If you have a bad back, then it seems like continuing to make your upper body bigger while neglecting your core and stabilizers (i.e. doing deadlifts) would be the last thing you'd want to do. JMO.
 
Also, trap bar deadlifts are easier on your lower back. I recommend this exercise for you, hell another guy that just posted pulled around 600 and he has herniated disks.
 
They added a little size to mine, but not much. I rep out sets of 10 with 500lbs, 5 with 550, and stepped on stage 2 weeks ago with a waist just under 30"
 
Debaser said:
Also, trap bar deadlifts are easier on your lower back. I recommend this exercise for you, hell another guy that just posted pulled around 600 and he has herniated disks.

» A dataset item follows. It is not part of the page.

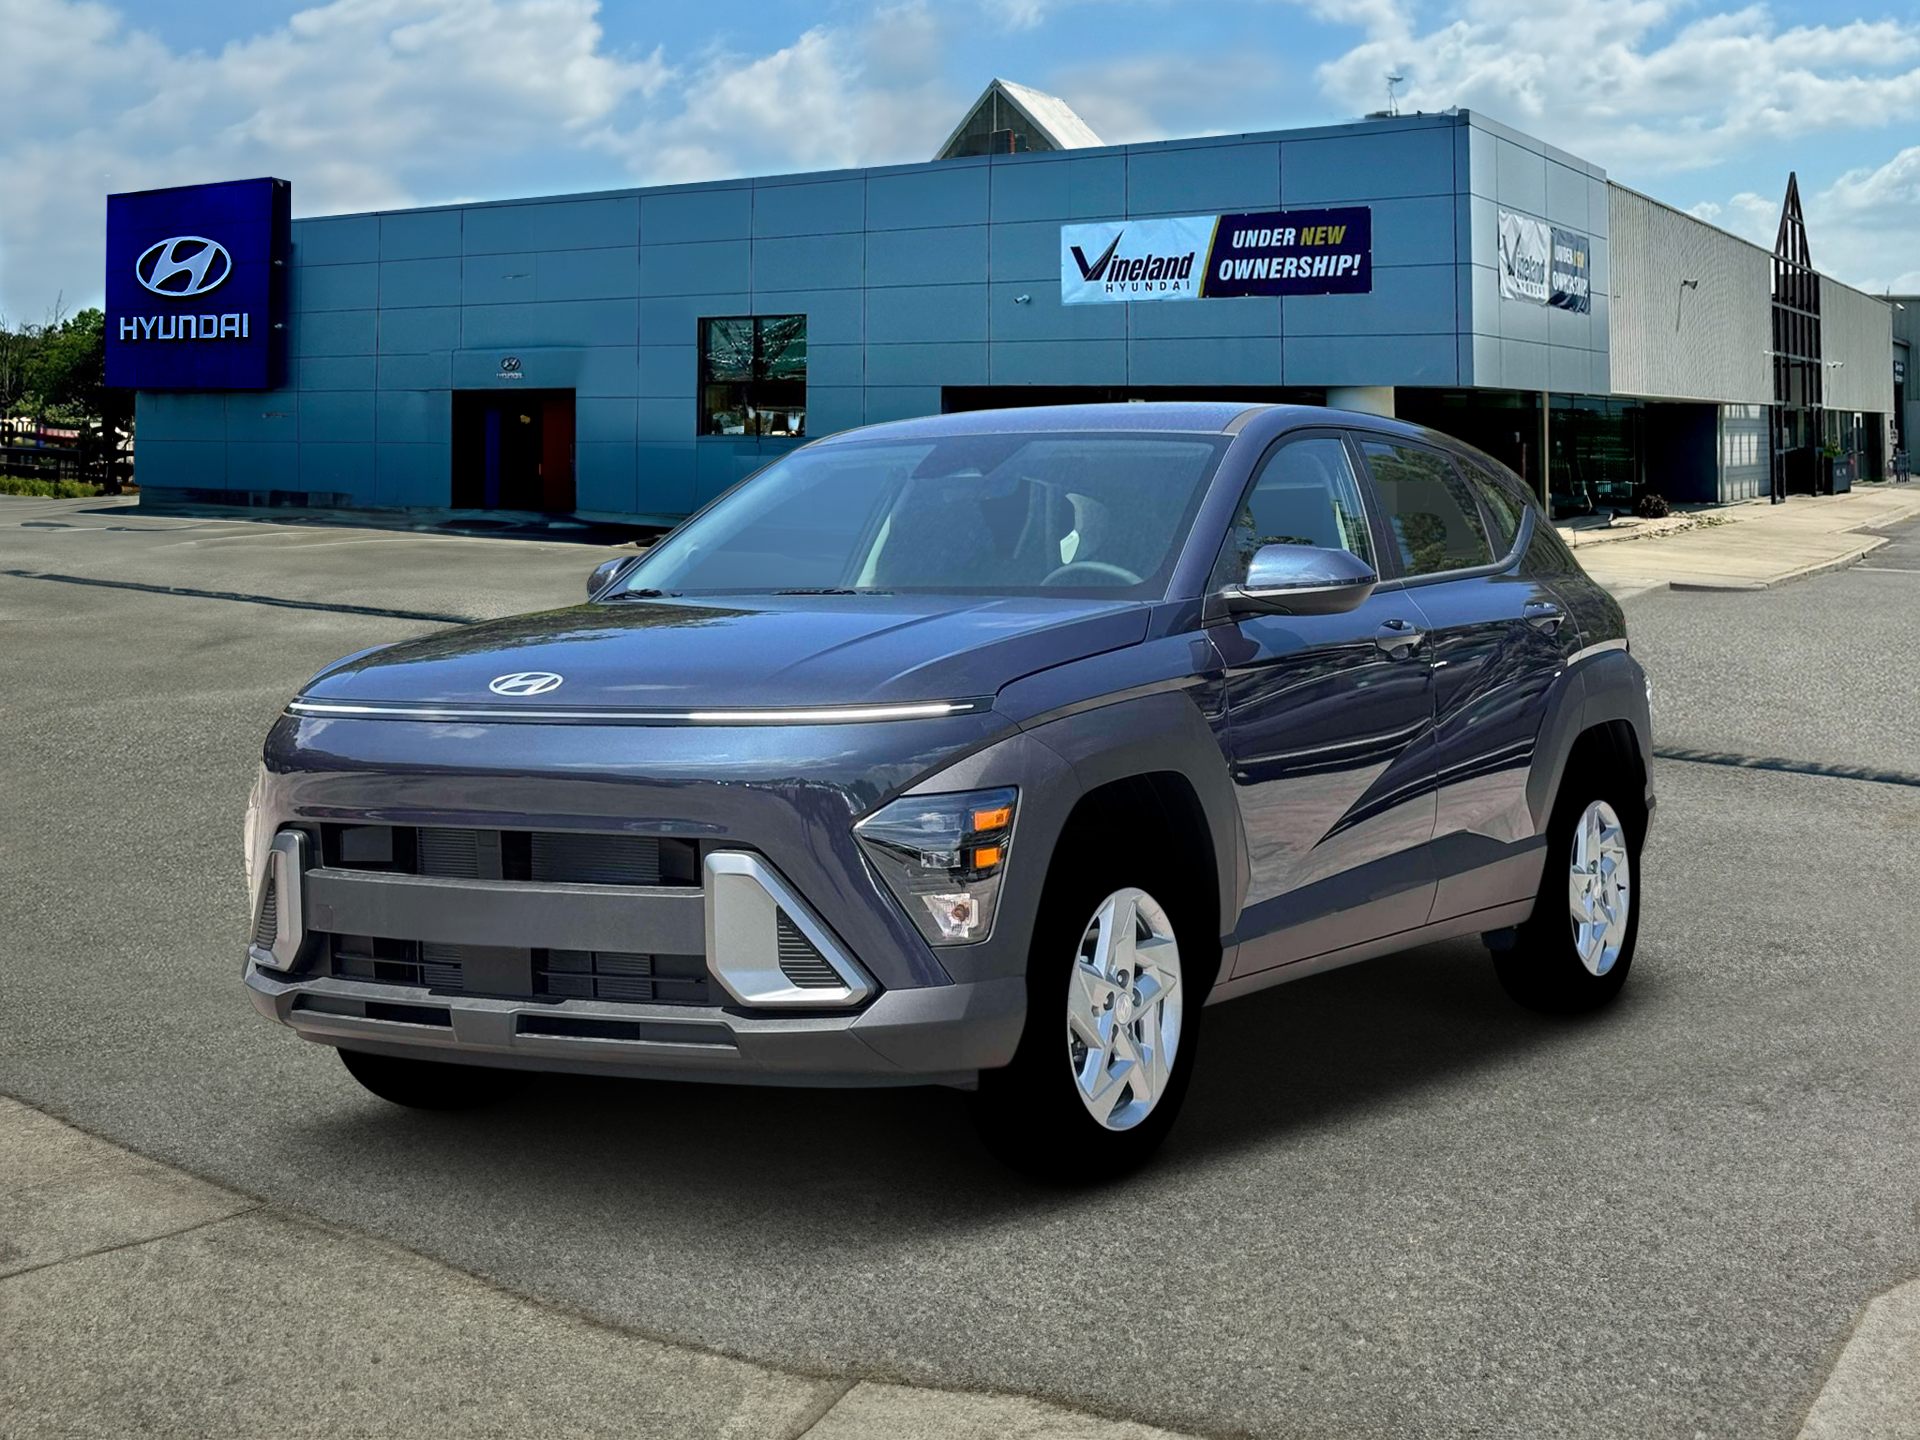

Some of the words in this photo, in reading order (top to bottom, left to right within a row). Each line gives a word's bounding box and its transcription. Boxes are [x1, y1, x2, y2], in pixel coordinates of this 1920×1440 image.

Well the thing is I could care less about poundages, so therefore I could care less whats easier to allow me to get poundages up.. Main concern is aesthetics for me. I seriously want to get into acting modeling and just want to look "nice". The tapered look is obviously traditionally "nicer" on the eyes than the fireplug look. Plus I really do not feel like buying new pants again.
 
needsize said:
They added a little size to mine, but not much. I rep out sets of 10 with 500lbs, 5 with 550, and stepped on stage 2 weeks ago with a waist just under 30"

You were actually someone who came to mind when I thought about this. I know you deadlift huge amounts and I know you have a small waist....That's why I was confused.
 
if you're bulking, that's almost definitely fat/water. if your waist is still too big when you're ripped, then you'll have a good reason to stop deadlifting
 
I would do some light ones for reps then. The thickening isn't that bad, and alot of it is oblique development that comes from maxing heavy and training the obliques as part of the ever-important core. If you're not doing that, it probably won't be of concern.
 
spatts said:
I would do some light ones for reps then. The thickening isn't that bad, and alot of it is oblique development that comes from maxing heavy and training the obliques as part of the ever-important core. If you're not doing that, it probably won't be of concern.

What rep range would you recommend?

I will probably concentrate on hi reps then, and do heavy 5x5's once a month.